SBHD v Minister for Immigration

Case

[2006] FMCA 557

6 April 2006


FEDERAL MAGISTRATES COURT OF AUSTRALIA

SBHD v MINISTER FOR IMMIGRATION & ANOR [2006] FMCA 557
MIGRATION – Review of RRT decision – where applicant deserted ship – where applicant converted to Christianity − where RRT did not accept applicant’s evidence − whether punishment for desertion falls within law of general application − whether applicant’s conversion from Islam to Christianity whilst in Australia fell within s.91R – whether unsuccessful claim for asylum in Australia falls within Convention ground of imputed political opinion – whether religious conversion falls within Convention ground.
Migration Act 1958, s.91R(3)
Federal Magistrates Court Rules 2001
SAAP v Minister for Immigration [2005] HCA 24
SZDFO v Minister  for Immigration [2004] FCA 1192
Kamal v Minister for Immigration [2002] FCA 818
Minister for Immigration Ex Parte: Durairajasingham [2000] 168 ALR 407
Applicant: SBHD
First Respondent: MINISTER FOR IMMIGRATION & MULTICULTURAL & INDIGENOUS AFFAIRS
Second Respondent: REFUGEE REVIEW TRIBUNAL
File number: ADG42 of 2006
Judgment of: Raphael FM
Hearing date: 6 April 2006
Date of last submission: 6 April 2006
Delivered at: Adelaide
Delivered on: 6 April 2006

REPRESENTATION

For the Applicant: In Person
Counsel for the Respondent: Mr M Roder
Solicitors for the Respondent: Sparke Helmore

ORDERS

  1. Application dismissed.

  2. Applicant to pay the respondent’s costs assessed in the sum of $4,250.00 pursuant to Part 21 Rule 21.02(2)(a) of the Federal Magistrates Court Rules.

FEDERAL MAGISTRATES
COURT OF AUSTRALIA AT
ADELAIDE

ADG42 of 2006

SBHD

Applicant

And

MINISTER FOR IMMIGRATION & MULTICULTURAL AFFAIRS

First Respondent

REFUGEE REVIEW TRIBUNAL

Second Respondent

REASONS FOR JUDGMENT

  1. The applicant is a citizen of Pakistan.  He arrived in Australia in August 2005 and on 22 August 2005 applied for a protection (Class XA) visa with the Department of Immigration and Multicultural and Indigenous Affairs.  On 7 September 2005 a delegate of the Minister refused that application.  On 12 September 2005 the applicant lodged a request for a review of the delegate's decision with the Refugee Review Tribunal.  The applicant attended a hearing together with a representative and called a witness.  On 14 November 2005 the Tribunal determined to affirm the decision not to grant a protection visa. 

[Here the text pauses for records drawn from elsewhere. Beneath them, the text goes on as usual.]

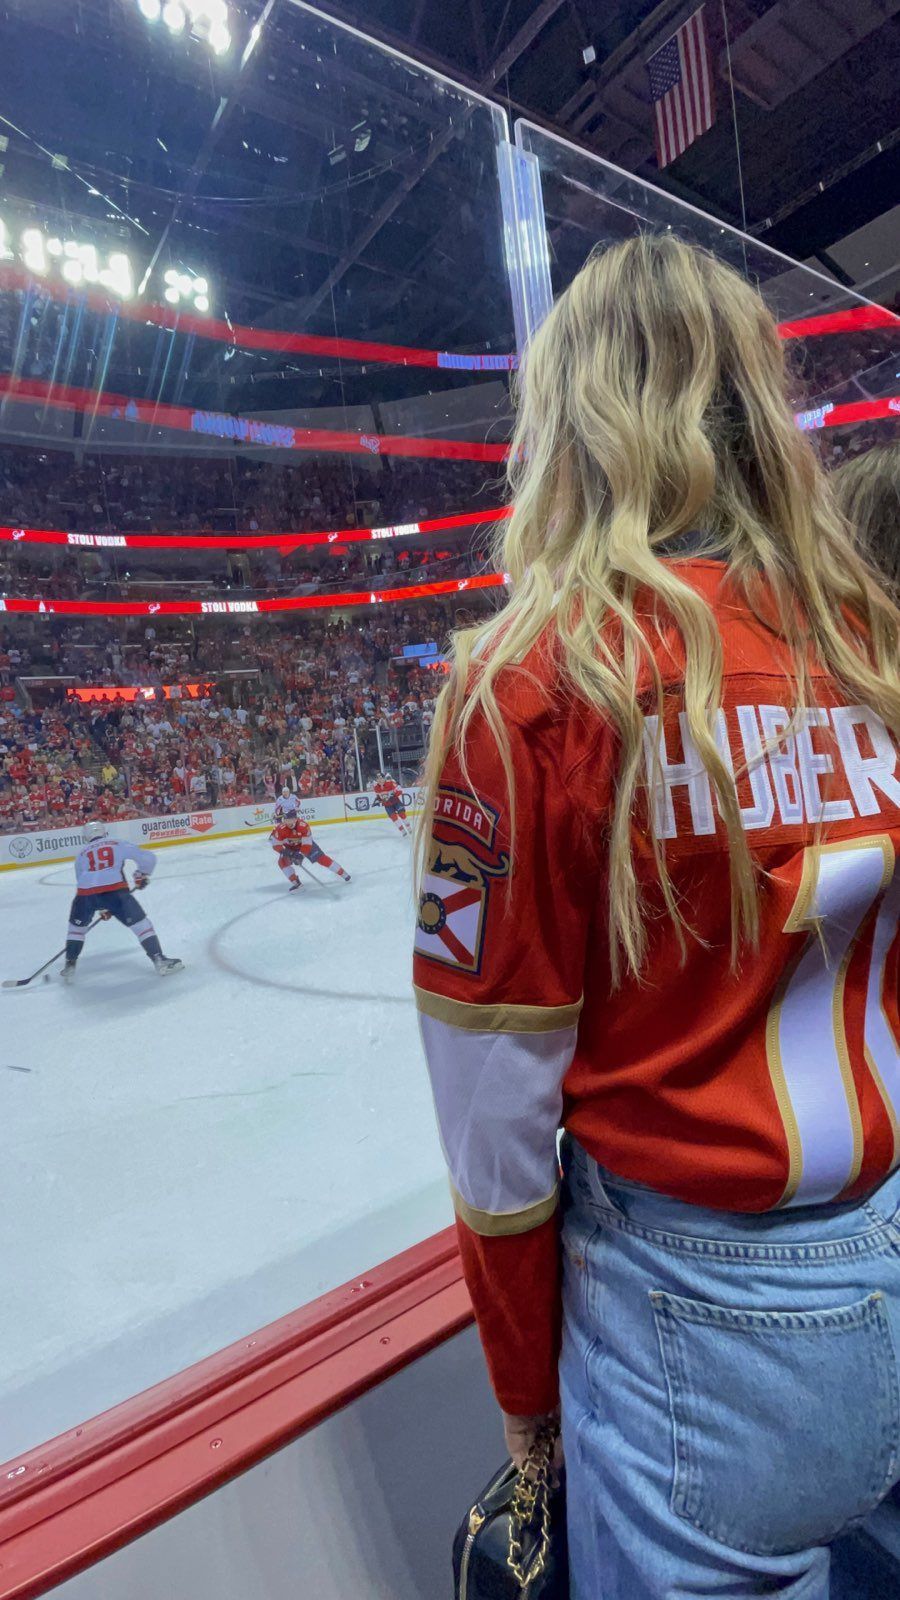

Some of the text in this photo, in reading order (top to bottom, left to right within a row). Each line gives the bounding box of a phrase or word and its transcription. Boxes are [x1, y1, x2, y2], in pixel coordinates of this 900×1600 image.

[371, 523, 420, 539] STOLI VODKA
[67, 534, 127, 546] STOLI VODKA
[201, 601, 258, 613] STOLI VODKA
[142, 815, 213, 835] guaranteed Rate
[87, 846, 114, 872] 19
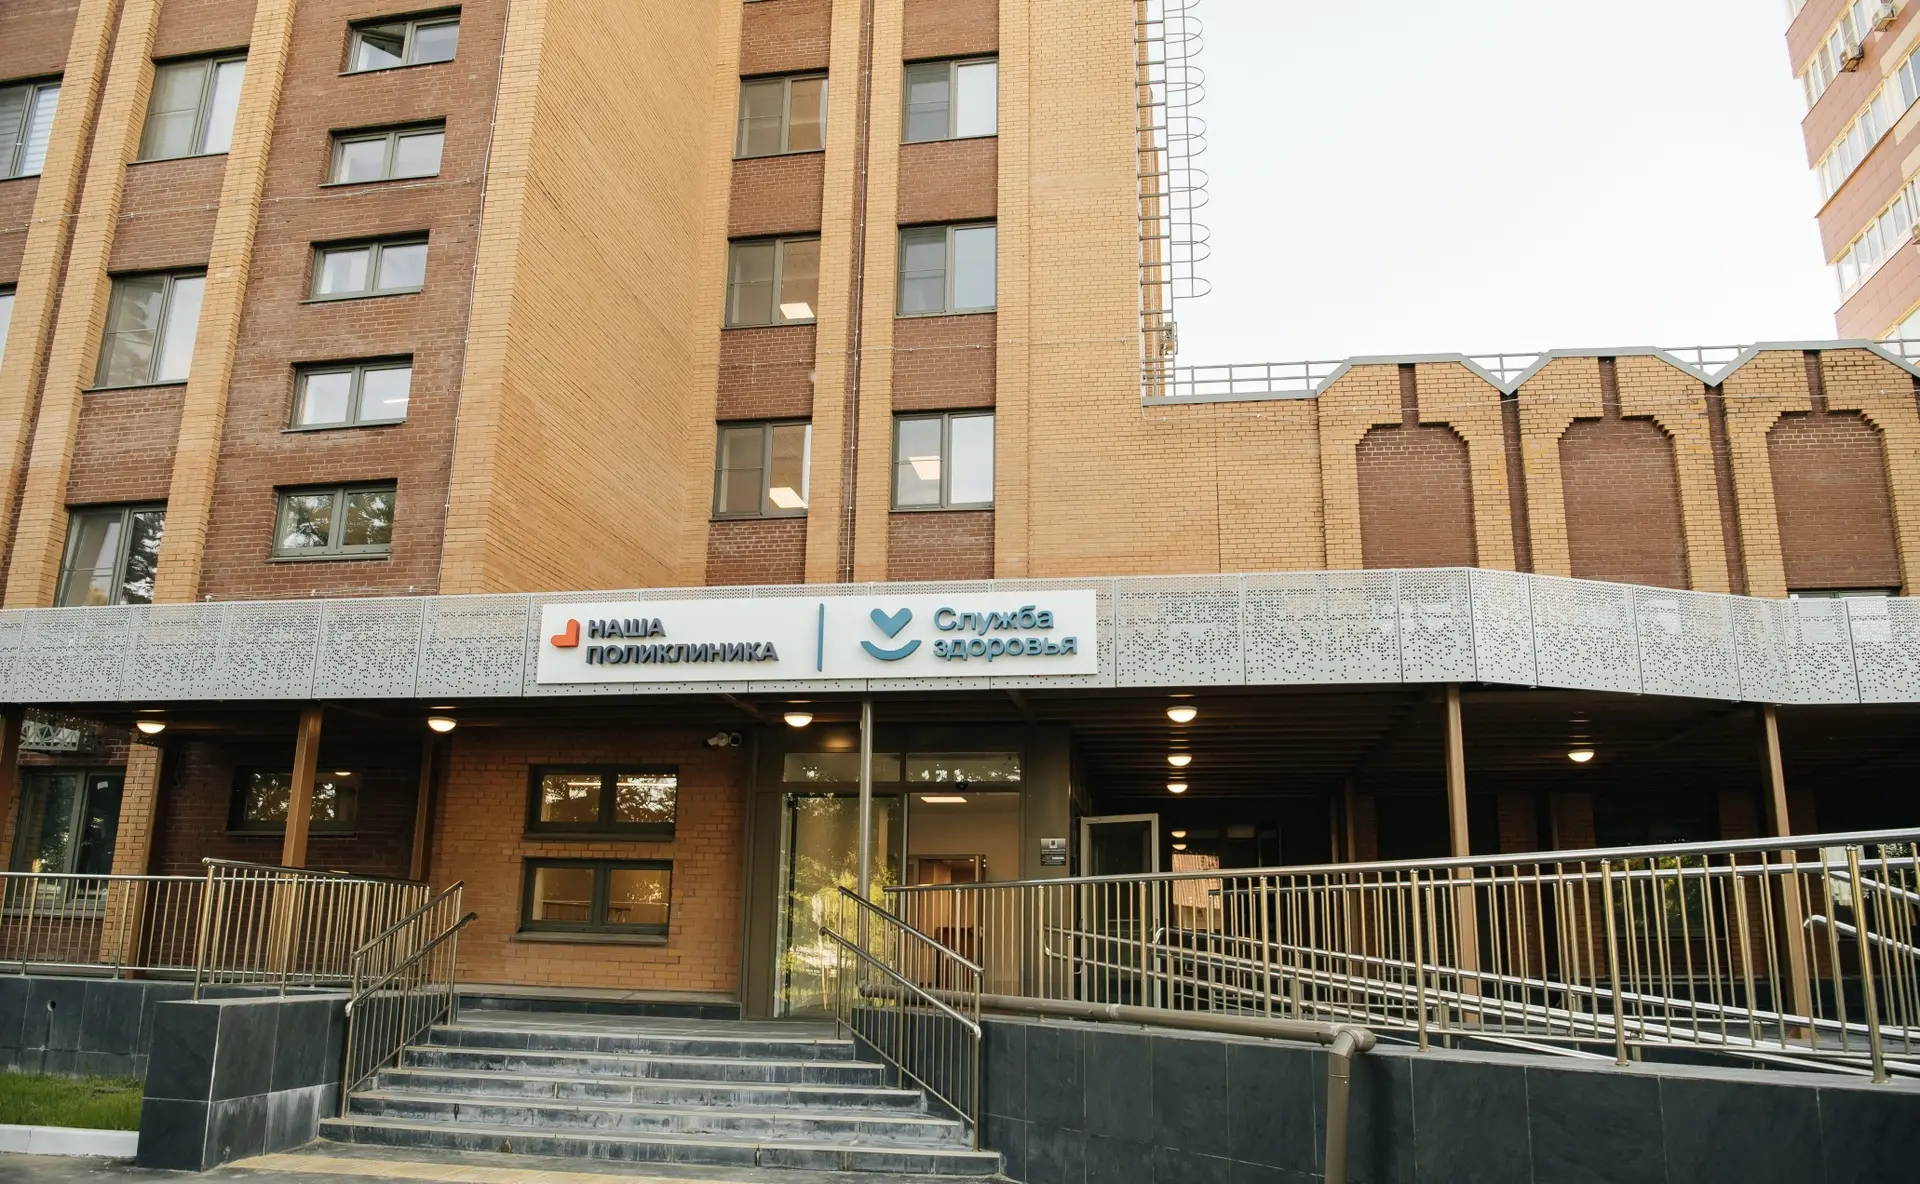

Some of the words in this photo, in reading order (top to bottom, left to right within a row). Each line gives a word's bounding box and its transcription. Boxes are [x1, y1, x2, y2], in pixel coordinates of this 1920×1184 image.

[588, 617, 666, 638] НАША
[934, 605, 1054, 636] Служба
[586, 641, 779, 664] ПОЛИКЛИНИКА
[933, 636, 1078, 661] здоровья

  2. The applicant's claim to protection in Australia arose in the following way.  He told of coming from a district in the north-west frontier province of Pakistan in which religious and Jihadi organisations flourished.  He told the story of frequent requests for payment by the Jihadi organisations to his father.  He told of similar requests for money being made to him after he had returned from voyages on ships in which he had worked as a seaman.

  3. The applicant said that after a casual meeting with a Christian convert, he decided that by converting himself to that religion he might avoid the demands of the Jihadis and so he told them that he had converted, as a result of which he says a fatwa was issued against him.  The applicant had not taken much in the way of steps to envelop himself in Christianity whilst he remained in Pakistan.  But in August 2005 he jumped ship in Fremantle and, following his arrest and detention, had turned to the Christian religion and attended services.  The witness whom he called was a Catholic worker who regularly visited the detention centre and spoke of the applicant's attendance and wish to understand more about the Christian religion.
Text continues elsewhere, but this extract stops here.